Die Liste der Anklagepunkte gegen den 37-jährigen Mann aus Weißwasser ist lang, Rausch soll wohl eine wichtige Rolle gespielt haben.

© Peter Steffen/dpa

Dass dieser Mann kurz vor dem Jahreswechsel zu diesem Jahr aus dem Verkehr gezogen wurde, war wohl höchste Zeit. Der Staatsanwalt liest allein für die letzten zehn Tage des alten Jahres sieben Tatvorwürfe vor. Der schwerwiegendste: Der heute 37-jährige gebürtige Jenaer hat demnach einen Mann in der Weißwasseraner Wohnung seiner Schwester derart schwer verletzt, dass er einen Tag zur Beobachtung ins Krankenhaus musste. Der Angeklagte trat laut Tatvorwurf dem Mann mit dem Fuß gegen den Kopf. Als seine Schwester dazwischengehen wollte, habe er sie so kraftvoll gegen den Türrahmen geschubst, dass sie eine Platzwunde am Kopf davontrug. Danach habe der Täter seine Angriffe gegen den Mann fortgesetzt, schlug ihm mit der Faust gegen den Kopf, rammte die Knie in den Bauch.
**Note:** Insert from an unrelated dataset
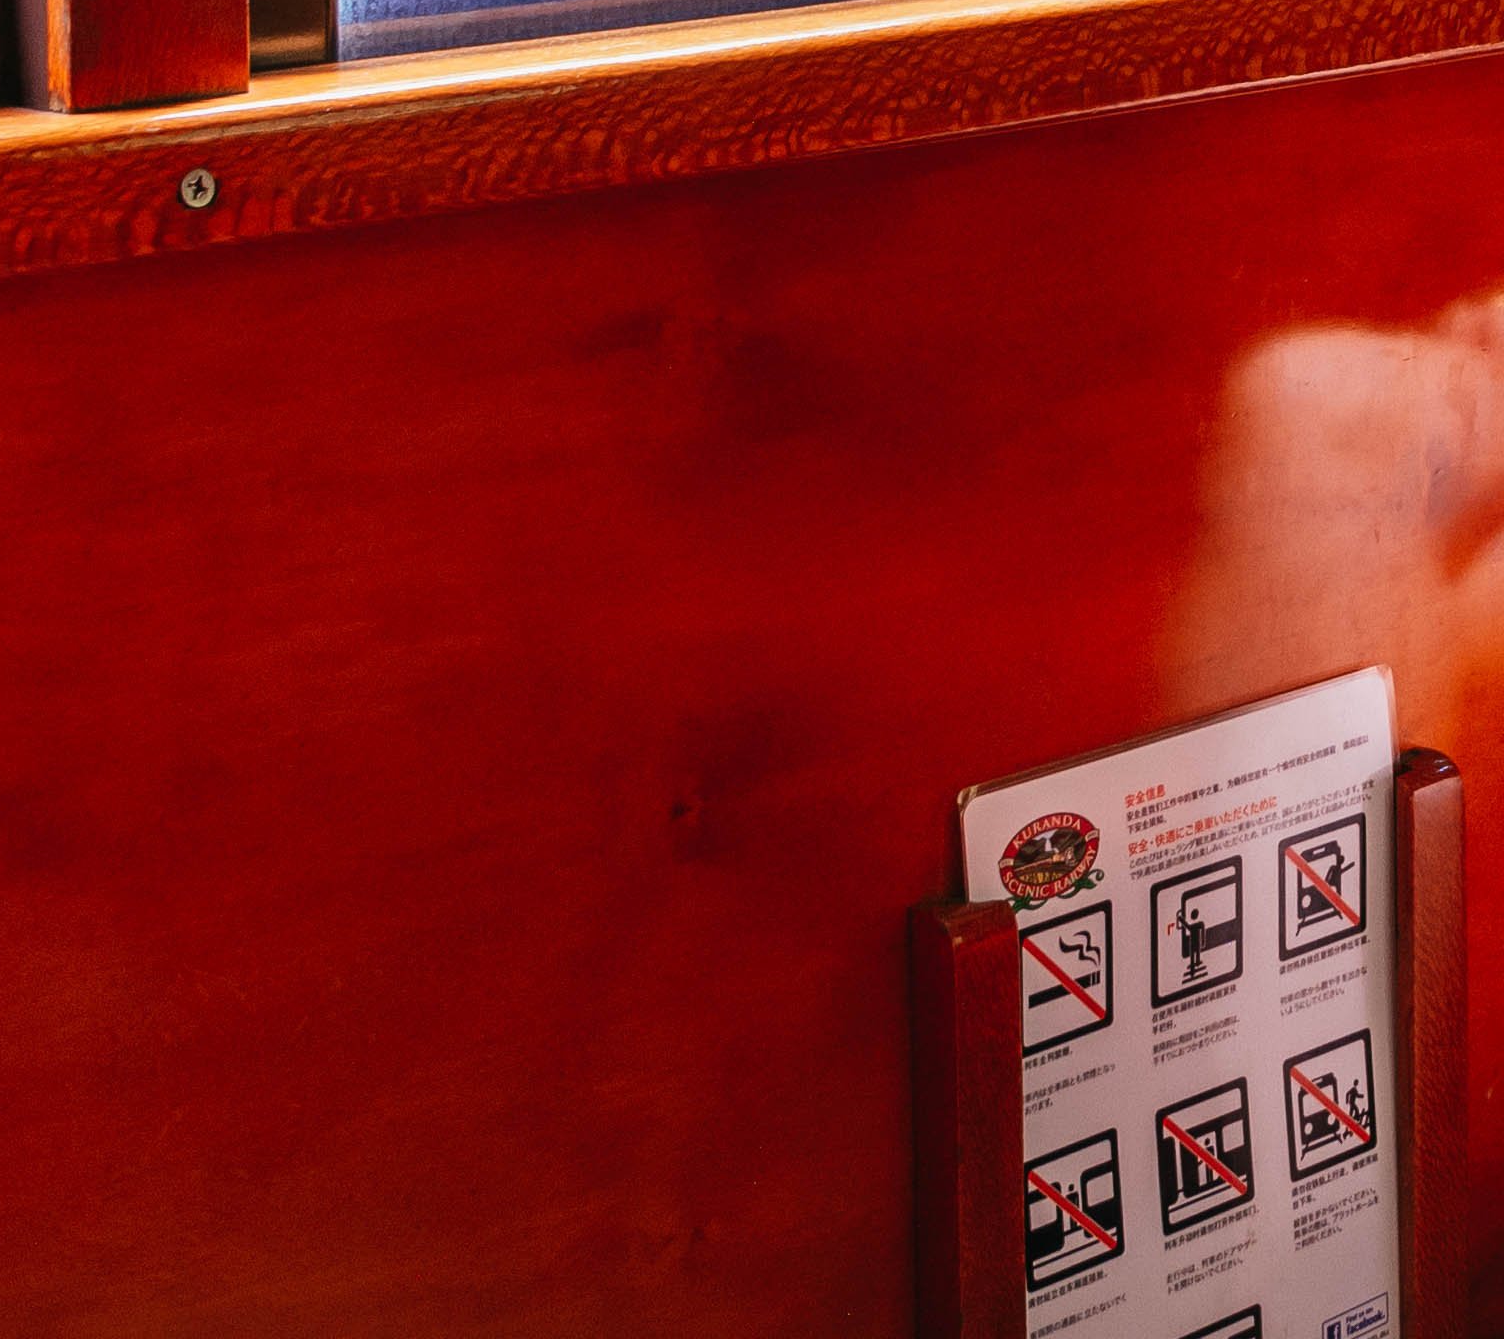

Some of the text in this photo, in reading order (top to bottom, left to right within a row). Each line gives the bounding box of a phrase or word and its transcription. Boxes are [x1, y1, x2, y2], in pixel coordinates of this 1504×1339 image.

[1124, 783, 1166, 809] 安全信息
[1013, 814, 1081, 849] KURANDA
[1003, 846, 1096, 898] SCENIC RAILWAY
Wenig später soll er gedroht haben: „Ich mach Dich morgen kalt.“ 

Zwei Tage später soll er vergeblich versucht haben, die Wohnungseigentür seiner Schwester zu öffnen und (wie auch schon am Morgen) gerufen haben: „Wenn Ihr die Bullen holt, mach ich Euch kalt.“ Beim Weggehen soll er laut Anklage die Halsabschneidegeste gezeigt haben. Zwischen Weihnachten und Neujahr soll der Mann dann versucht haben, aus der Wohnung seiner Schwester, in die er mit einem Schlüssel gelangt war, einen Laptop und Likör zu stehlen, ließ die bereitgelegte Beute dann aber zurück. Nach seiner Verhaftung habe er einen Polizisten angespuckt, einen Tag später eine JVA-Beamtin sexistisch beleidigt haben.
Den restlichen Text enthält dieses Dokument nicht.